朝は寒い。ホテル内のカフェへ朝食に行く。「アパ・カバール?(元気ですか?)」に「カバール・バイク!(とっても元気です!)」と答える。ニョマンがいたので、ネカ美術館までトランスポートの手配を頼む。<アグン・ラカ>はプンゴセカン(ウブドの南)にあって若干不便なのでウブドエリア内は無料トランスポートがあるのだ。ネカ美術館はウブドから北西で少し遠いので、ここから攻めてみようと思う。

ネカ美術館は作品もさることながら、壮麗な建物、水があふれる庭、渓谷を望むロケーションと、まるで宮殿のようなところだった。ここのテラスでしばらくぼーっとしてしまった。

美術館を出てベモを拾おうと画策する。美術館近辺は「トランスポート?」とタクシーの売り込みがうるさいので、しばらく歩く。見通しのよいところで待っていたら頭上に大きな籠を載せたおばさんがやって来た。やはりベモ待ちらしいので「パサール?(市場ですか?)」と聞いたら笑顔でうなずいてくれた。これ幸いと一緒にベモに乗り込む。とりあえず生きた鶏とかはいなかった。

2回目に止まったらみんな降りるので「パサール?」と聞いたらおじいさんがうなずいてくれたので降りる。料金は先人の教えの通り、黙って500ルピア(約7円)渡す。文句言われなかったから、いいんだろう。

バリ猫の余裕。

<ムンブルズ・イン>のカフェで渓谷を見ながらアイスクリーム。バリの猫は大胆というか怠惰というか大人といおうか、カメラを見てもまったく動じない。

プリ・ルキサン美術館に入る。館内が妙に暗いなあ、と思ったらサングラスをかけたままだった。普通の眼鏡にかけかえると、格段に明るくなった。当たり前だ。

日曜からの宿泊先を探しているのだが、あまりにお腹がすいたので手近なカフェに飛び込む。そこのフレッシュ・ジュースがひときわ冷えていたのと、女の子が純真そうだったので、この近所にしようと思う。

某Homestayで部屋を見せてもらう。まだ客がいるのに中を見せてくれるのも凄いが、客も「散らかっててすみません」とまったく動じないのであった。ホットシャワーと広いテラス、仕事しやすそうな机と1日3万5千ルピア(約460円)という値段で決めてしまう。

道で子どもが遊んでいたので写真を撮ってその場で液晶スクリーンで見せてあげると狂喜乱舞していた。


右の子が顔をしかめているのは、
凧の骨が首に刺さったからです。
私がいじめたわけではありません。

バリの楊貴妃。

テイルタ・サリの公演を観る。善と悪のバランス、精霊のかりそめの宿り、なんでこんな短いバロンダンスまでプログラムに組み入れるのか、水1本に1万ルピアは暴利だなあ、とかいろいろ考える。

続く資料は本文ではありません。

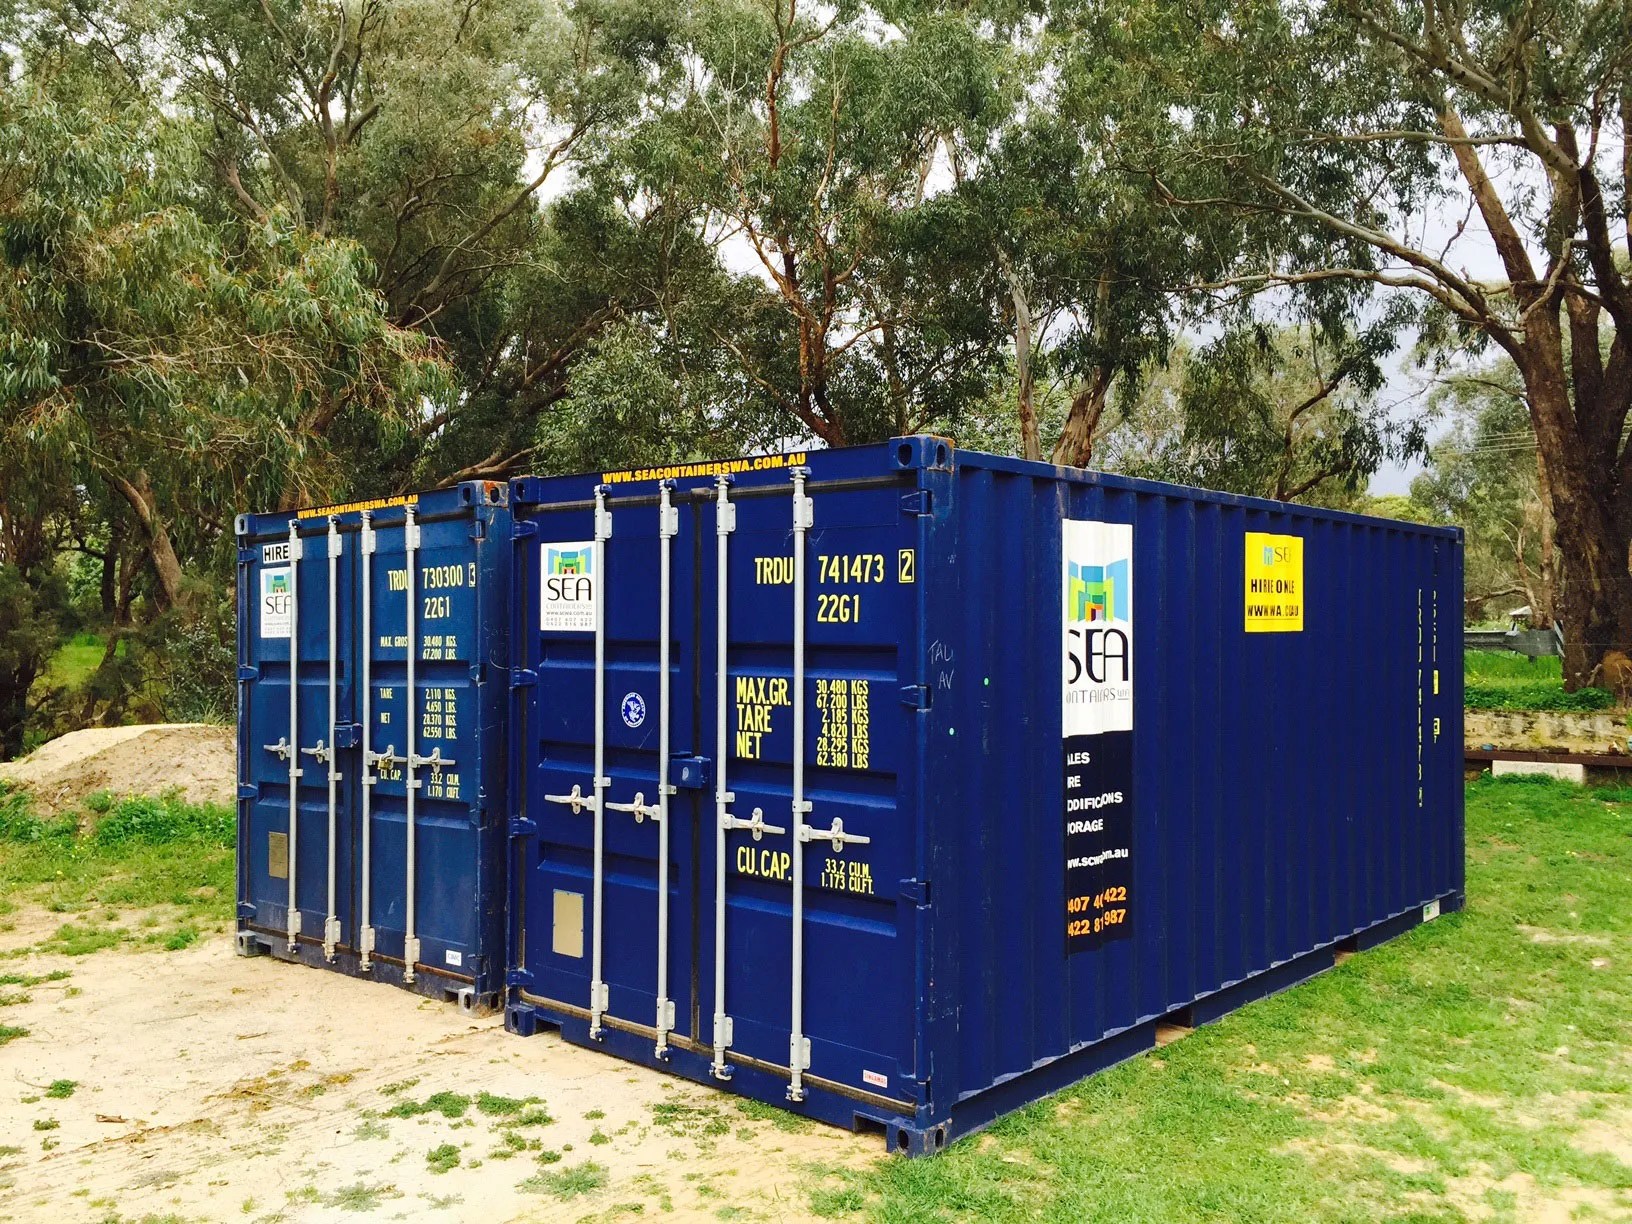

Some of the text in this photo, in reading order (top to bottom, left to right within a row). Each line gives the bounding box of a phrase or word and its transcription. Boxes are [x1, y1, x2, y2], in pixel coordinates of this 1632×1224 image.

[602, 453, 806, 484] WWW.SEACONTAINERSWA.COM.AU
[264, 545, 289, 561] HIRE
[754, 551, 913, 584] TRDU 741473 2
[422, 565, 463, 589] 730300
[546, 577, 592, 601] SEA
[424, 596, 450, 619] 22G1
[817, 594, 860, 623] 22G1
[380, 688, 393, 699] TARE
[851, 680, 869, 695] KGS
[851, 695, 868, 709] LBS
[381, 713, 390, 724] NET
[736, 704, 772, 732] TARE
[852, 709, 869, 724] KGS
[852, 724, 868, 739] LBS
[736, 731, 762, 759] NET
[852, 738, 869, 753] KGS
[852, 753, 868, 769] LBS
[1067, 752, 1090, 766] LES
[1067, 775, 1081, 788] RE
[1067, 819, 1104, 836] ORAGE
[825, 858, 846, 875] 33.2
[1067, 896, 1090, 913] 407
[1067, 919, 1090, 937] 422
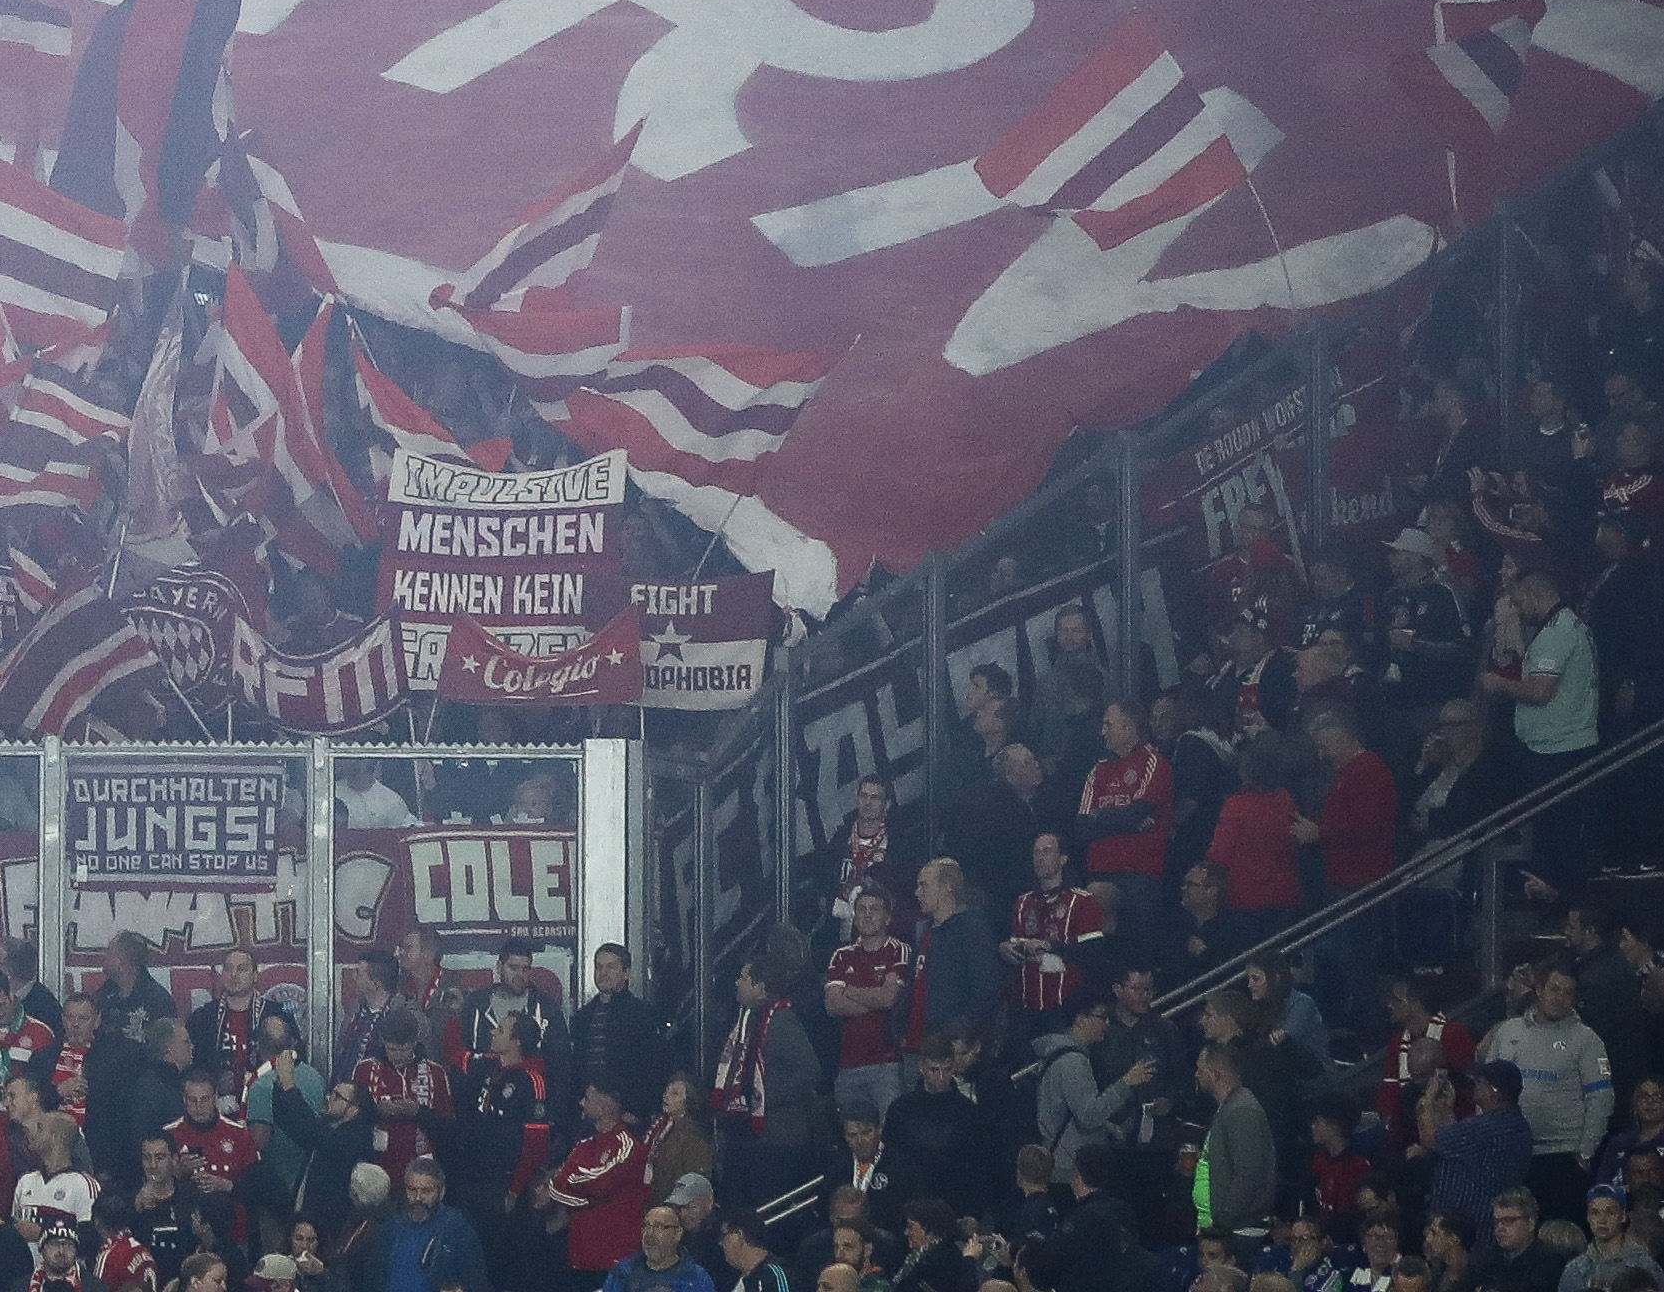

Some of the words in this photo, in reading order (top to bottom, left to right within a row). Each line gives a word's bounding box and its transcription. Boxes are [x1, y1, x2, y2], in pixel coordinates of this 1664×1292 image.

[403, 455, 611, 506] IMPULSIVE
[397, 510, 606, 559] MENSCHEN
[392, 569, 504, 615] KENNEN
[512, 572, 585, 616] KEIN
[630, 584, 719, 616] FIGHT
[73, 777, 278, 803] DURCHHALTEN
[74, 806, 276, 853] JUNGS!
[148, 853, 187, 870] CAN
[189, 853, 238, 871] STOP
[244, 854, 269, 872] US

撮影していると舞台を楽しめない。が、ひとりすっごく気になる踊り子がいて「バリの楊貴妃」と勝手に名付ける。途中停電もあったが、何事もなかったかのようにガムランも踊りもはつづくのであった。

<アグン・ラカ>に帰って窓もバルコニーへつづくドアも開け放して寝ていたら、夜中にセキュリティから電話があった。
「ベッドから滑り落ちるかもしれないからロックしてくれ」。

涼しいが虫に襲われる。両足の親指の付け根のマメはすでにつぶれて角質化。ほうっておいても人間はタフだ。

8月26日(土)ウブド絵画の迷路。


こういうバンガローに3泊した。

画廊巡り。

今日はアグン・ライ・ファイン・アート・ギャラリーへ。ちなみにアグン・ラカとアグン・ライは兄弟でふたりとも画家、しかも別々にそれぞれ画廊、ホテル、レストランなどを経営している。私は<アグン・ラカ・バンガローズ>に宿泊しているので、当然ドライバーのアグン・アリはアグン・ラカ・ギャラリーにも行こうと言い張る。で、両方行くことにする。

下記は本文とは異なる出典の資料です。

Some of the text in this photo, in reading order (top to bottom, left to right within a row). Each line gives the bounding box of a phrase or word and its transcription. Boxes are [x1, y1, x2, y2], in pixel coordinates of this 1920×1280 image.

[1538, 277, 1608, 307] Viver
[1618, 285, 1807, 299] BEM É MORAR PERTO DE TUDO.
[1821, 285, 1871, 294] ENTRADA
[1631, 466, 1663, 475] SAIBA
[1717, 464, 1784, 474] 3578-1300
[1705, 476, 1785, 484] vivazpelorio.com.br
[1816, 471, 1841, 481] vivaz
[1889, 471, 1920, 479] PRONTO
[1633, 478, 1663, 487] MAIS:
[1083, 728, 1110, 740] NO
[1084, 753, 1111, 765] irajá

アグン・ライのギャラリーには非売品の傑作があるらしい。おととい行ったARMAはアグン・ライ・ミュージアム・オブ・アートという美術館とガムラン養成学校とホテルとカフェ・レストランがいっしょになった複合施設なのだが、あくまで私設の個人コレクションなのだ。で、ギャラリーにもいいのがあるそうなのだが。

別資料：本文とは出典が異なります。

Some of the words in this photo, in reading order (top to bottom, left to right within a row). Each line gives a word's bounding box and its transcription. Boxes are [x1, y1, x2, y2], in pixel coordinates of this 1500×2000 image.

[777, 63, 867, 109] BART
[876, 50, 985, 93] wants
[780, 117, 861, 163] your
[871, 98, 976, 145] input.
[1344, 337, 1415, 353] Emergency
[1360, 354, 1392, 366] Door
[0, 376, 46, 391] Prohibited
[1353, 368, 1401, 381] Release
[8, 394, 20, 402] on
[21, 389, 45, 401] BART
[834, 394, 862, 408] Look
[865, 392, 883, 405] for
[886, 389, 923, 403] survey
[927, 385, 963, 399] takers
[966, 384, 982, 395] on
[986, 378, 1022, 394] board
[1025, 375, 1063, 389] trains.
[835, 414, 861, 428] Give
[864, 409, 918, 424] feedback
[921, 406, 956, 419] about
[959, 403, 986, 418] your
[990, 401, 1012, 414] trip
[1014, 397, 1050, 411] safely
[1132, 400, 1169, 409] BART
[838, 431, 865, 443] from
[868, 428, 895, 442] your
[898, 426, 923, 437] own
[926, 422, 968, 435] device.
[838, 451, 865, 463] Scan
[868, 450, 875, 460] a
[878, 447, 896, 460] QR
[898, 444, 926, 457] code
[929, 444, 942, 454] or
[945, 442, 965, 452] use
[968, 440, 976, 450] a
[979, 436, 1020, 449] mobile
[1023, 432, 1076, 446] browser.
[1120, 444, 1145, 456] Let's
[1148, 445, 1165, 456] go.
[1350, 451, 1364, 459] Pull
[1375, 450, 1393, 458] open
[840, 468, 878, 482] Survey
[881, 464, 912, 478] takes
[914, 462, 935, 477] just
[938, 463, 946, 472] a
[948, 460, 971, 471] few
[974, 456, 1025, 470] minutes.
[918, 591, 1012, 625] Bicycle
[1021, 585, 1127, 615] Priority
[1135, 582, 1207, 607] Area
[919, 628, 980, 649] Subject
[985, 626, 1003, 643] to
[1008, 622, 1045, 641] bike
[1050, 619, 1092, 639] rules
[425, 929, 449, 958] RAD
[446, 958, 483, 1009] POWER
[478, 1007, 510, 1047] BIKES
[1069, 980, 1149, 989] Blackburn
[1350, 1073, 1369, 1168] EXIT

行ってみたらそっけない建物であった。アグン・アリが話をしたらガイドがついて、いちいち説明してくれる。「遠近法が・・・」「陰影を・・」などと日本語で美術様式を流暢に(まるで暗記しているかのように)まくしたてる。少しうるさくなってきたので、それをさえぎって「カマサン・スタイル」「プンゴセカン・スタイル」と先取りして言うと、びっくりしていた。それくらいはすでに昨日の美術館めぐりで学習しているのだ。

どうやらモダン・スタイルという、抽象表現主義やらキュビズムやらの洗礼を受けた作品群をすすめたいらしいのだが、トラディショナルをとにかく見せてもらう。で、噂の作品を鑑賞する。


≪レゴン・ダンスの少女≫(部分)

これは、数百万円でも買い手がいるだろう。売らないそうだが。しかし、絵の価値・値段というのは普遍的なものでも絶対的なものでもない。個人がそれぞれで評価するしかないのだ。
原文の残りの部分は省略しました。